From what I can see, you're trying to count how many times the elements from list appear in l.

And currently you've implemented a fairly naive solution that's of complexity O(n * m) (assuming that list has n elements and l has m elements).

In order to improve the performance, you need to improve the time complexity of your solution. You could create a HashMap<Integer, Integer> that will hold how many times a number is appearing in l and then use it while iterating through the elements of list.

Map<Integer, Integer> map = new HashMap<>();
for (Integer i : l) {
    map.put(i, map.getOrDefault(i, 0) + 1);
}

Then, for each element of list, you just need to check how many times its value appears in l.

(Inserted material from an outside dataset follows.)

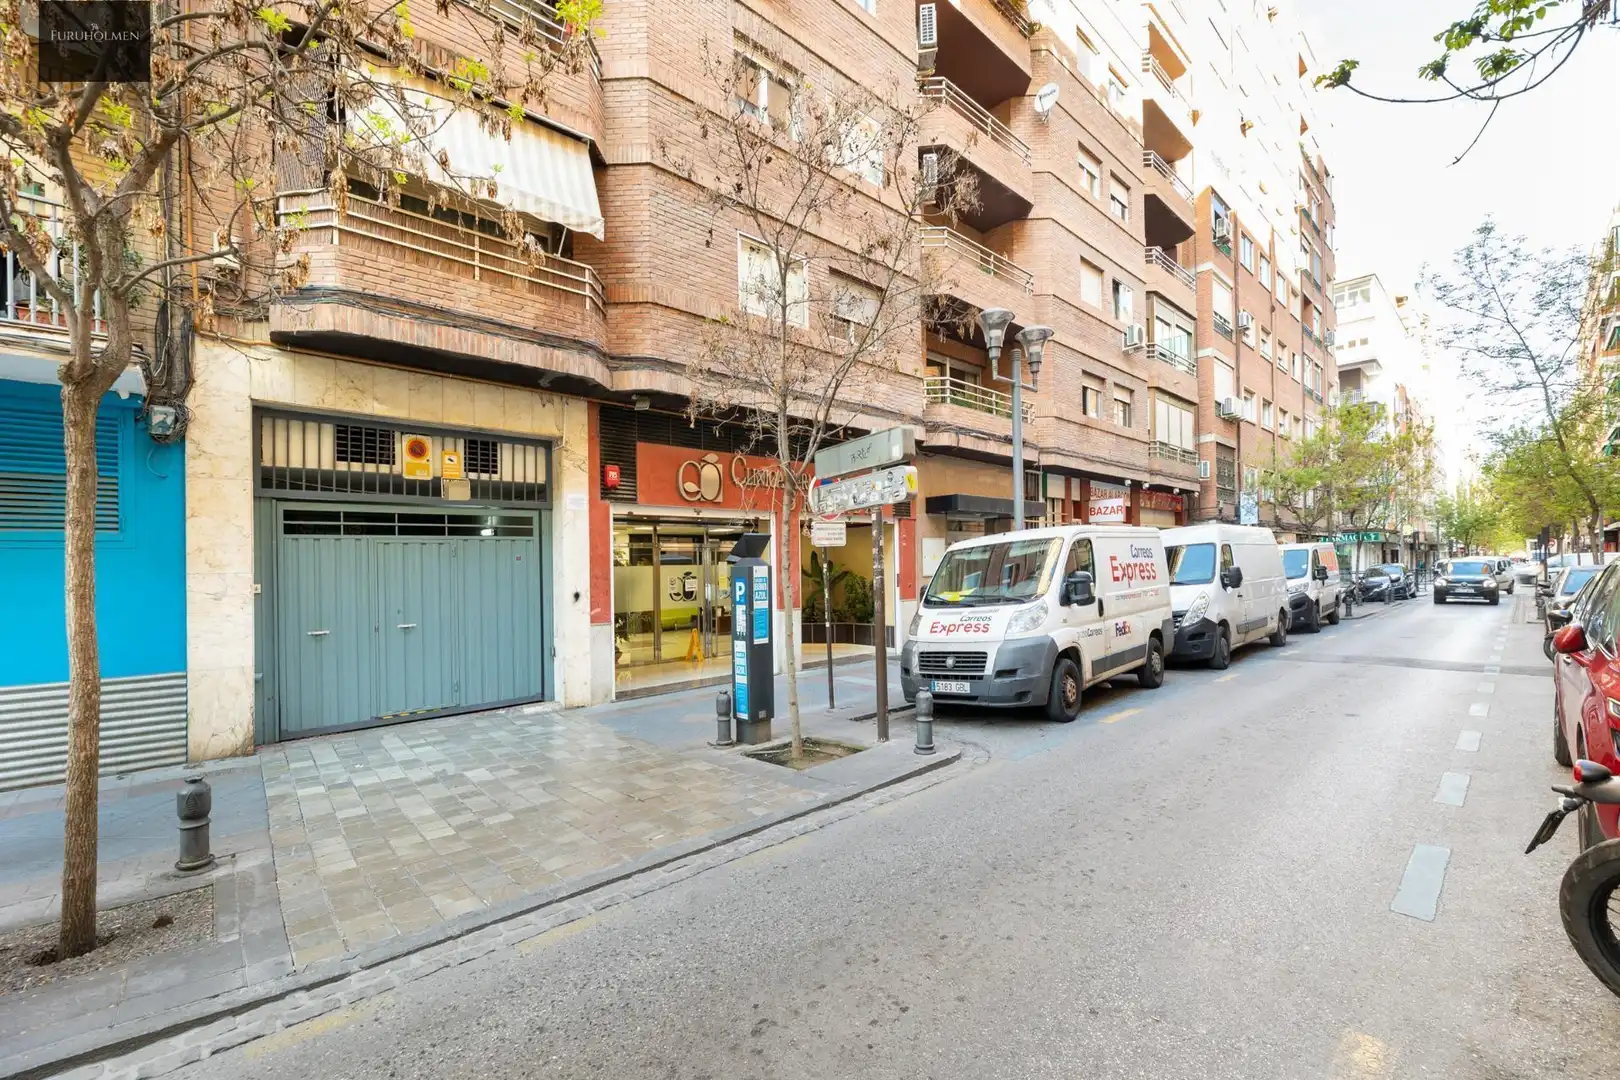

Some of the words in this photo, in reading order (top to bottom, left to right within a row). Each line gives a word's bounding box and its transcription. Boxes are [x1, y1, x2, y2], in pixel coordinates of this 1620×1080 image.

Again, I'll use a Map:

Map<Integer, Integer> count = new HashMap<>();
for (Integer value : list) {
    Integer temp = count.get(value);
    if (temp != null) {
        count.put(value, temp + 1);
    } else {
        count.put(value, map.getOrDefault(value, 0) + 1);
    }
}

Since querying a HashMap takes a constant time (O(1)), then this solution will work with a O(n + m) complexity, which is far much better from O(n * m).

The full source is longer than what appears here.